§ **WORK TO COMPLETE**
Please restate the following records word for word.

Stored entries

= Beginning of Section =

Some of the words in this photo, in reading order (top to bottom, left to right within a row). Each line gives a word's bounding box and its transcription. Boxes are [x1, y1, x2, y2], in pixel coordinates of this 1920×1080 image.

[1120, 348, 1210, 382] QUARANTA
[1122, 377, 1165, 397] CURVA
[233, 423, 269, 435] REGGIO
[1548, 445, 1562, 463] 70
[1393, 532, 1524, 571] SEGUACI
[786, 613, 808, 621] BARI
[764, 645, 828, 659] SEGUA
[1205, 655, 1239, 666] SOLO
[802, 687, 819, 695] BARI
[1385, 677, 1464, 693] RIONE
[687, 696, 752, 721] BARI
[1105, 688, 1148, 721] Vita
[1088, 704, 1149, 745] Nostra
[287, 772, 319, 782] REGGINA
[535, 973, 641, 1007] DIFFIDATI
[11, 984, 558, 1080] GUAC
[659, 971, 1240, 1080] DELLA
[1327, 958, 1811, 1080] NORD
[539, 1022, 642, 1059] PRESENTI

= End of Section =

§ **ANSWER TO THE PROBLEM**
Some of the words in this photo, in reading order (top to bottom, left to right within a row). Each line gives a word's bounding box and its transcription. Boxes are [x1, y1, x2, y2], in pixel coordinates of this 1920×1080 image.

[1120, 348, 1210, 382] QUARANTA
[1122, 377, 1165, 397] CURVA
[233, 423, 269, 435] REGGIO
[1548, 445, 1562, 463] 70
[1393, 532, 1524, 571] SEGUACI
[786, 613, 808, 621] BARI
[764, 645, 828, 659] SEGUA
[1205, 655, 1239, 666] SOLO
[802, 687, 819, 695] BARI
[1385, 677, 1464, 693] RIONE
[687, 696, 752, 721] BARI
[1105, 688, 1148, 721] Vita
[1088, 704, 1149, 745] Nostra
[287, 772, 319, 782] REGGINA
[535, 973, 641, 1007] DIFFIDATI
[11, 984, 558, 1080] GUAC
[659, 971, 1240, 1080] DELLA
[1327, 958, 1811, 1080] NORD
[539, 1022, 642, 1059] PRESENTI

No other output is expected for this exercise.